If an entry below contains an image, drop the image and retype the rest exactly.

> **INPUT DATA**:
▶

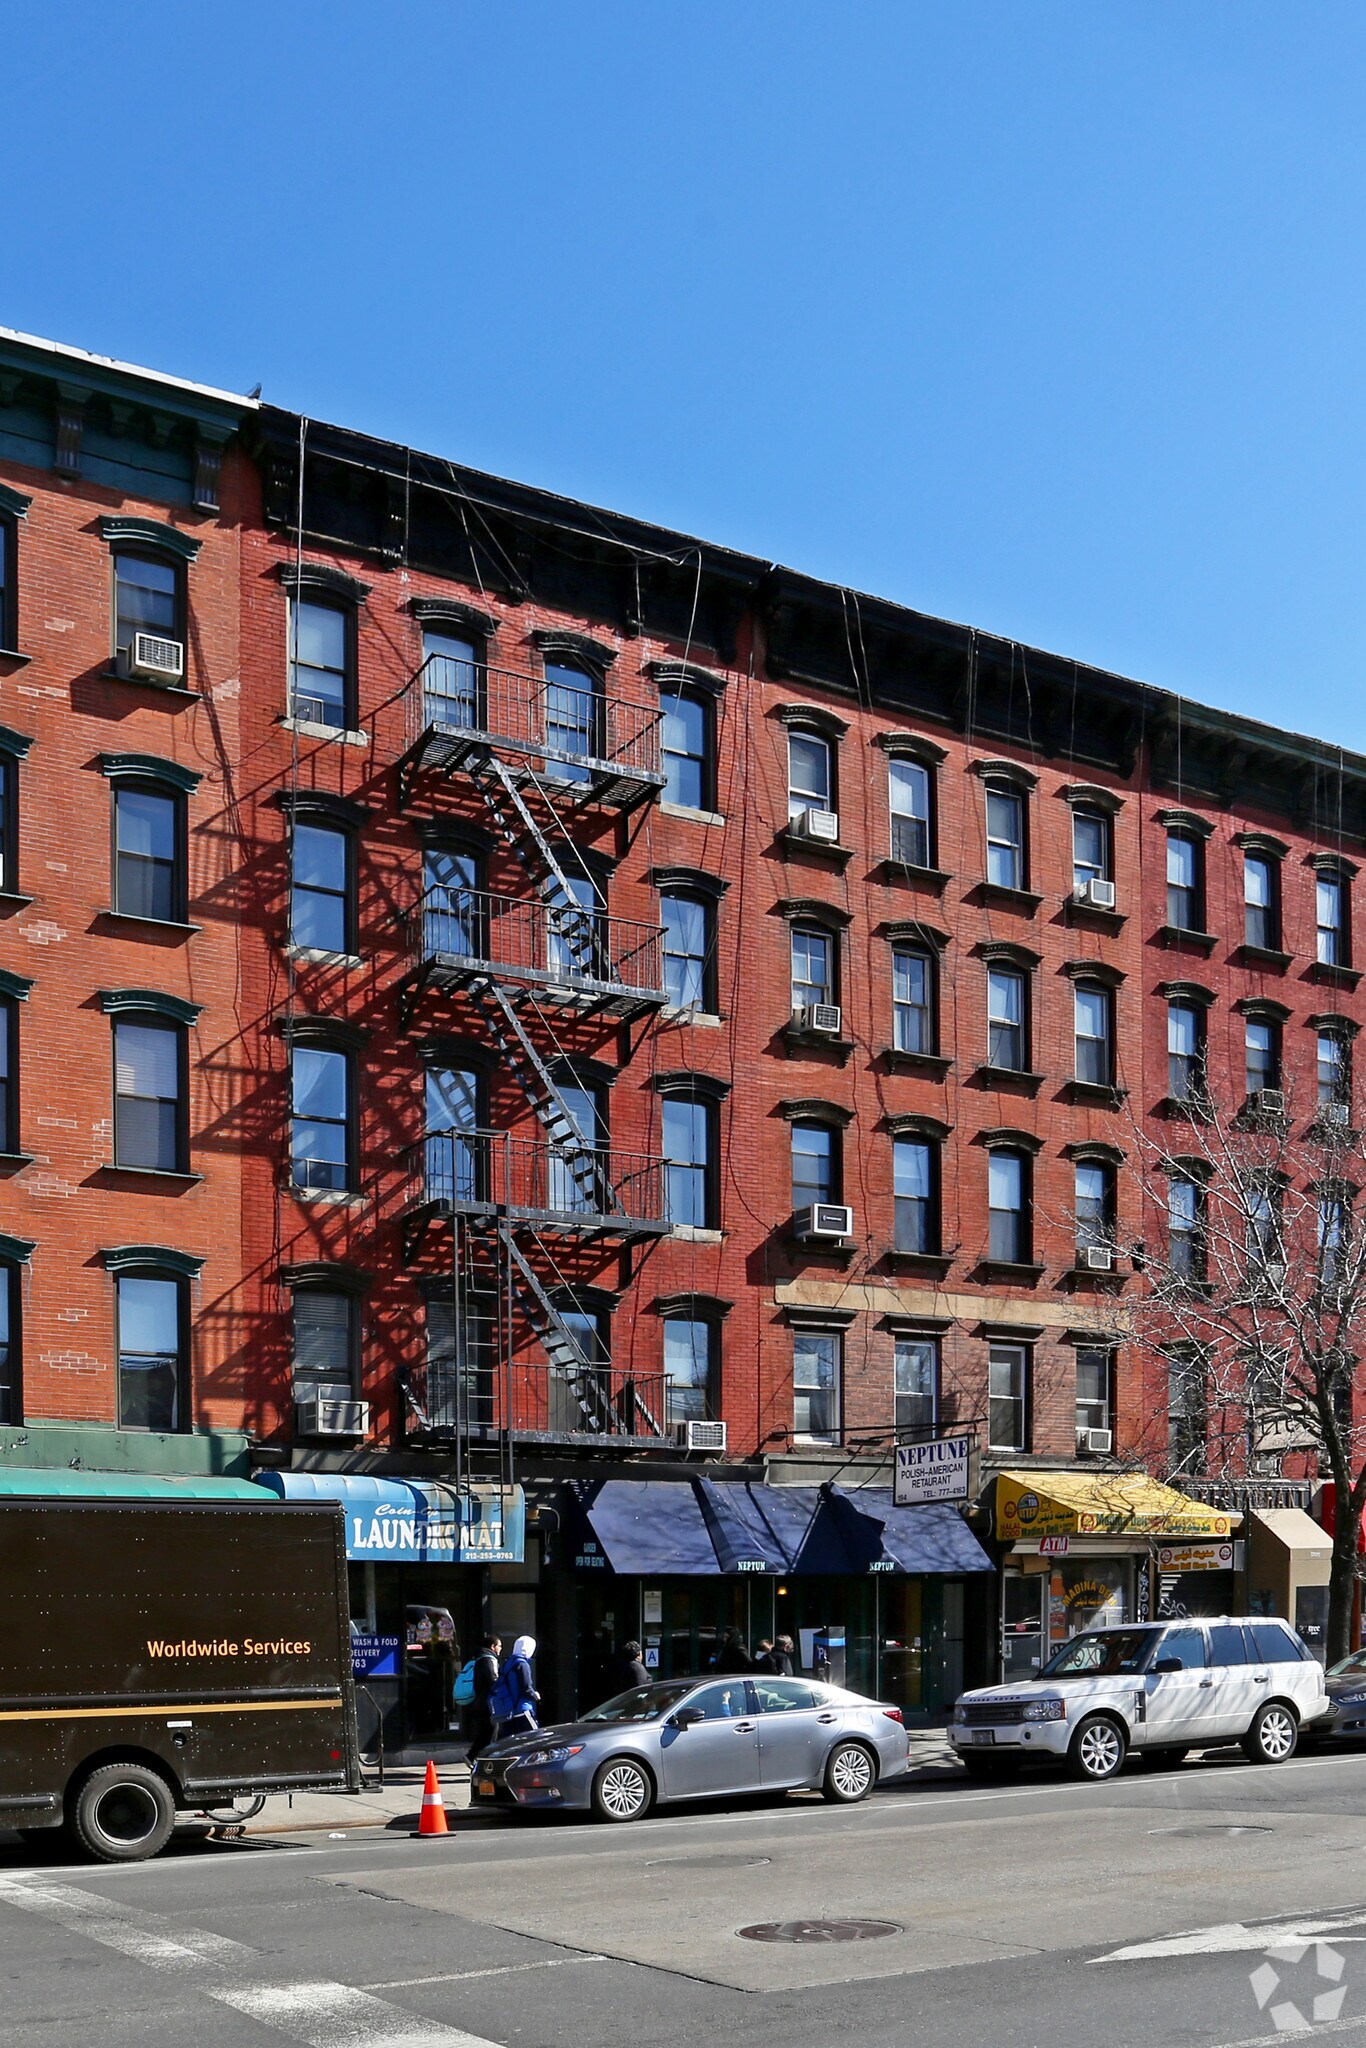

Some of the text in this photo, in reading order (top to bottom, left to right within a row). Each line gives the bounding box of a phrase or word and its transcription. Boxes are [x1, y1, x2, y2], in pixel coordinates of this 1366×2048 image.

[898, 1440, 968, 1467] NEPTUNE
[901, 1463, 963, 1479] POLISH-AMERICAN
[912, 1475, 951, 1488] RETAURANT
[923, 1490, 936, 1498] TEL:
[1001, 1522, 1021, 1530] HALAL
[353, 1517, 504, 1550] LAUNDROMAT
[1002, 1530, 1020, 1538] FOOD
[1042, 1536, 1066, 1551] ATM
[465, 1552, 514, 1560] 212-253-0763
[738, 1561, 766, 1571] NEPTUN
[869, 1562, 895, 1571] NEPTUN
[1062, 1580, 1097, 1606] MADINA
[147, 1637, 311, 1657] Worldwide Services
[353, 1638, 398, 1646] WASH & FOLD
[647, 1650, 657, 1662] A
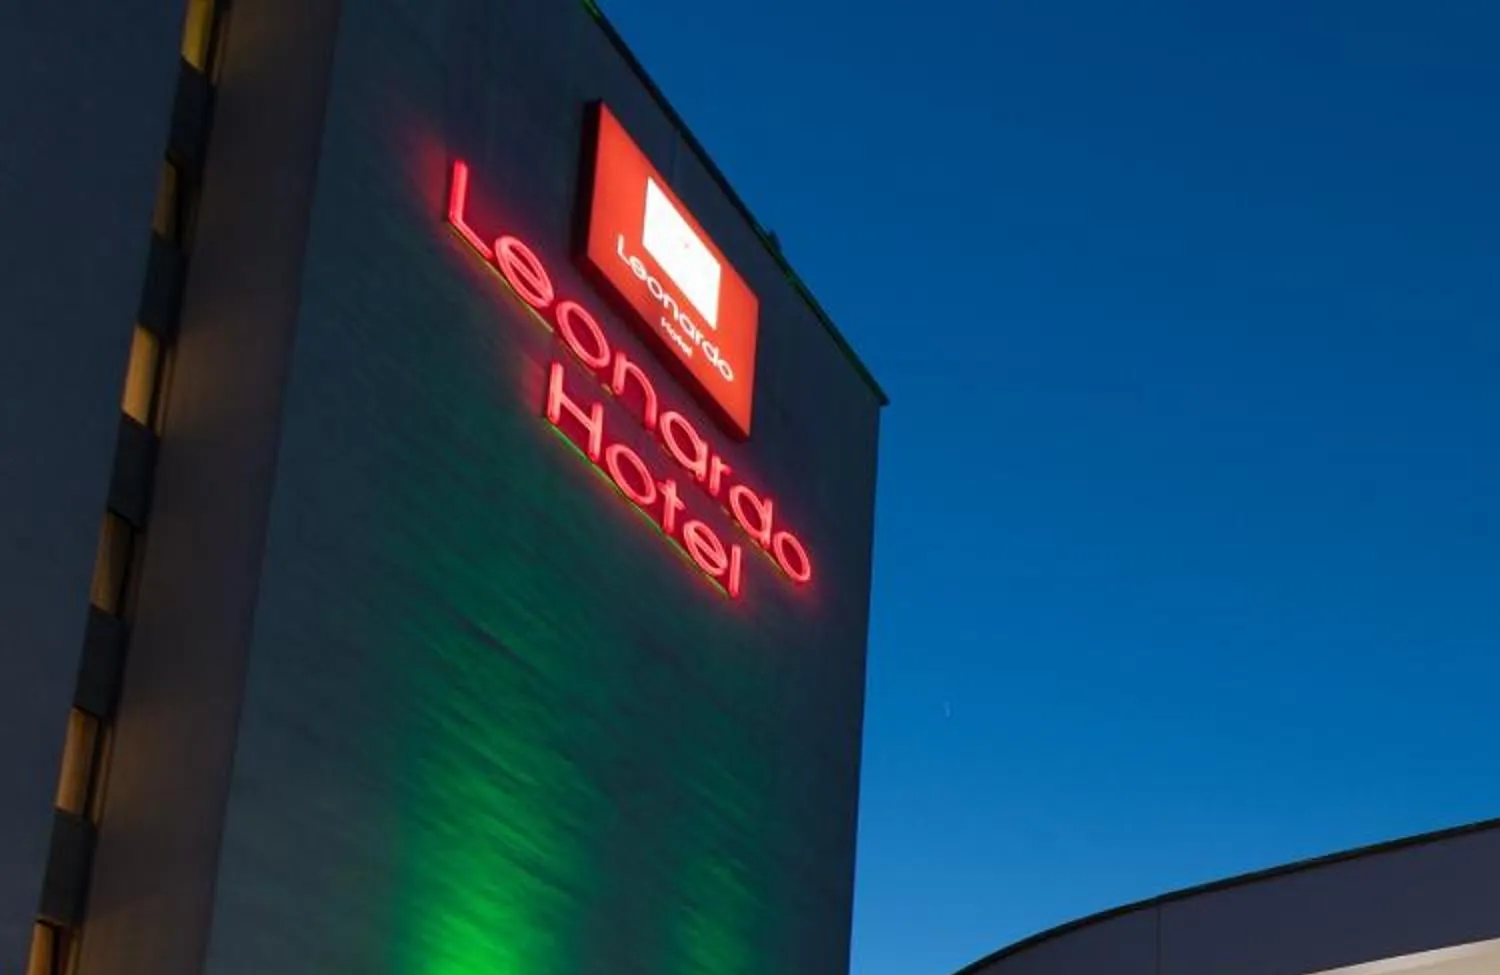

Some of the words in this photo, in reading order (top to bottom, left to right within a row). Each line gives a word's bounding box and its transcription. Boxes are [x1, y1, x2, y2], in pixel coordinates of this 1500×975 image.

[449, 160, 811, 581] Leonardo
[617, 234, 734, 382] Leonardo
[546, 362, 741, 596] Hotel

◀

> **YOUR RESPONSE**:
Some of the text in this photo, in reading order (top to bottom, left to right within a row). Each line gives the bounding box of a phrase or word and its transcription. Boxes are [x1, y1, x2, y2], in pixel coordinates of this 1366×2048 image.

[898, 1440, 968, 1467] NEPTUNE
[901, 1463, 963, 1479] POLISH-AMERICAN
[912, 1475, 951, 1488] RETAURANT
[923, 1490, 936, 1498] TEL:
[1001, 1522, 1021, 1530] HALAL
[353, 1517, 504, 1550] LAUNDROMAT
[1002, 1530, 1020, 1538] FOOD
[1042, 1536, 1066, 1551] ATM
[465, 1552, 514, 1560] 212-253-0763
[738, 1561, 766, 1571] NEPTUN
[869, 1562, 895, 1571] NEPTUN
[1062, 1580, 1097, 1606] MADINA
[147, 1637, 311, 1657] Worldwide Services
[353, 1638, 398, 1646] WASH & FOLD
[647, 1650, 657, 1662] A

Some of the words in this photo, in reading order (top to bottom, left to right within a row). Each line gives a word's bounding box and its transcription. Boxes are [x1, y1, x2, y2], in pixel coordinates of this 1500×975 image.

[449, 160, 811, 581] Leonardo
[617, 234, 734, 382] Leonardo
[546, 362, 741, 596] Hotel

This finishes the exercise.